■ How to complete this task: Whatever appears in the records, retype it exactly, except for the pictures.

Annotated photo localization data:
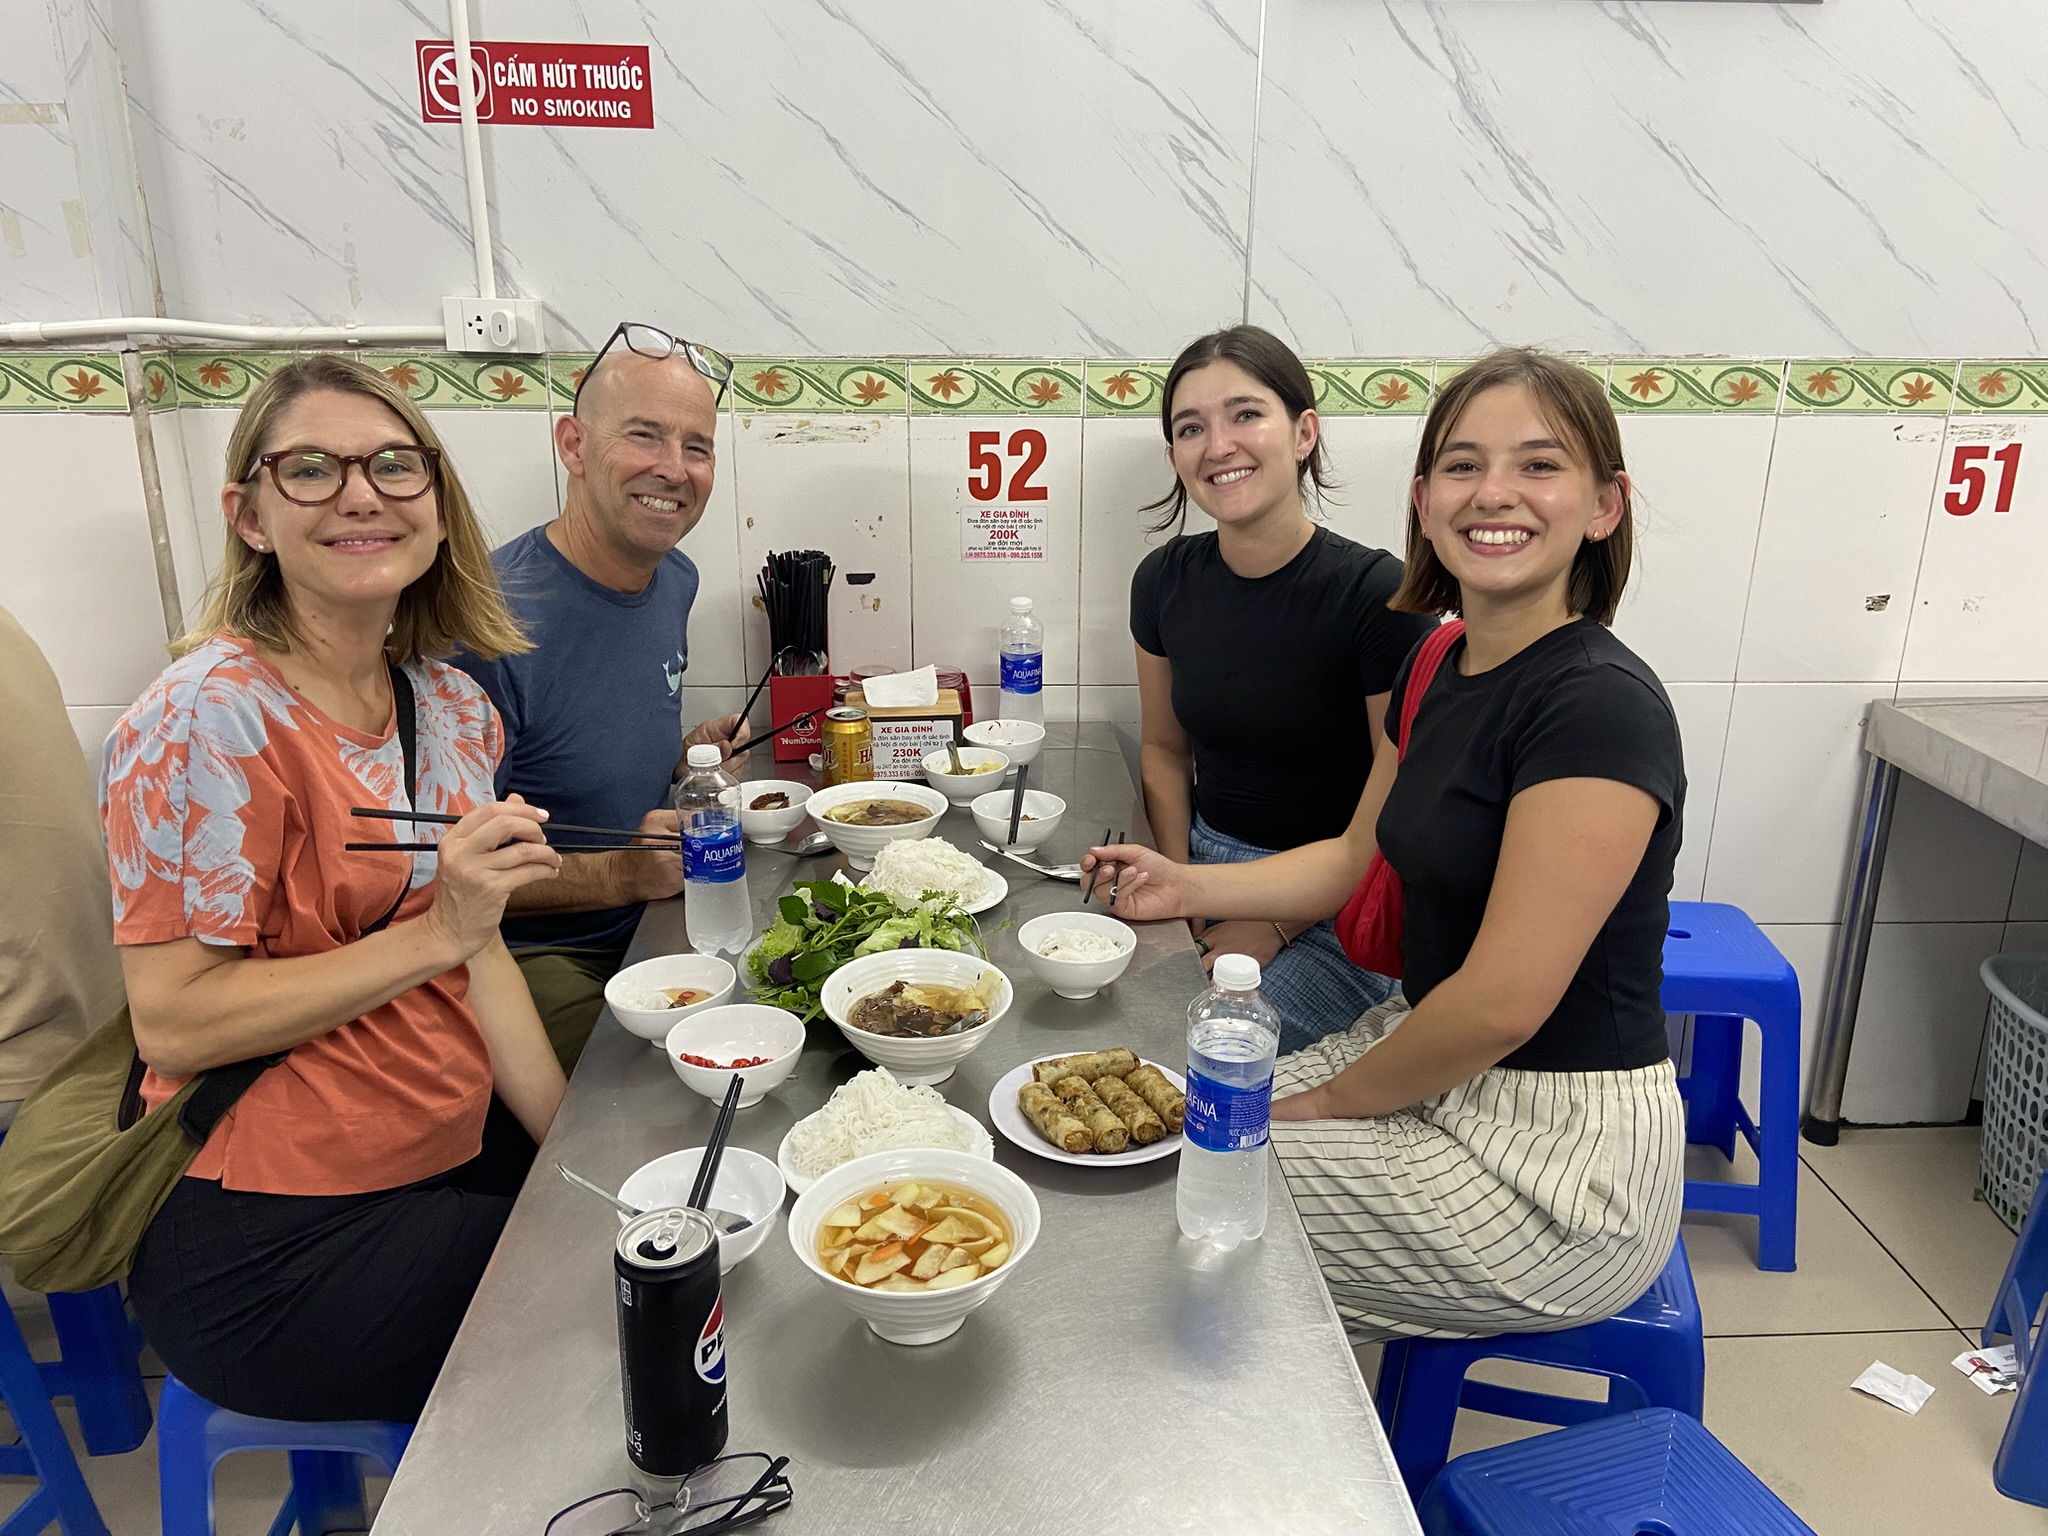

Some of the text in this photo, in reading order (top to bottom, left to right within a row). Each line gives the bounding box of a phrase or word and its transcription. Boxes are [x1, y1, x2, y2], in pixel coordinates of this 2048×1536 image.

[493, 53, 644, 91] CẤM HÚT THUỐC
[511, 98, 632, 119] NO SMOKING
[968, 428, 1048, 502] 52
[1944, 443, 2022, 516] 51
[980, 509, 1029, 519] XE GIA ĐÌNH
[990, 530, 1019, 540] 200K
[880, 726, 892, 734] XE
[892, 748, 922, 758] 230K
[703, 840, 744, 863] AQUAFINA

■ Solution to this task:
Some of the text in this photo, in reading order (top to bottom, left to right within a row). Each line gives the bounding box of a phrase or word and its transcription. Boxes are [x1, y1, x2, y2], in pixel coordinates of this 2048×1536 image.

[493, 53, 644, 91] CẤM HÚT THUỐC
[511, 98, 632, 119] NO SMOKING
[968, 428, 1048, 502] 52
[1944, 443, 2022, 516] 51
[980, 509, 1029, 519] XE GIA ĐÌNH
[990, 530, 1019, 540] 200K
[880, 726, 892, 734] XE
[892, 748, 922, 758] 230K
[703, 840, 744, 863] AQUAFINA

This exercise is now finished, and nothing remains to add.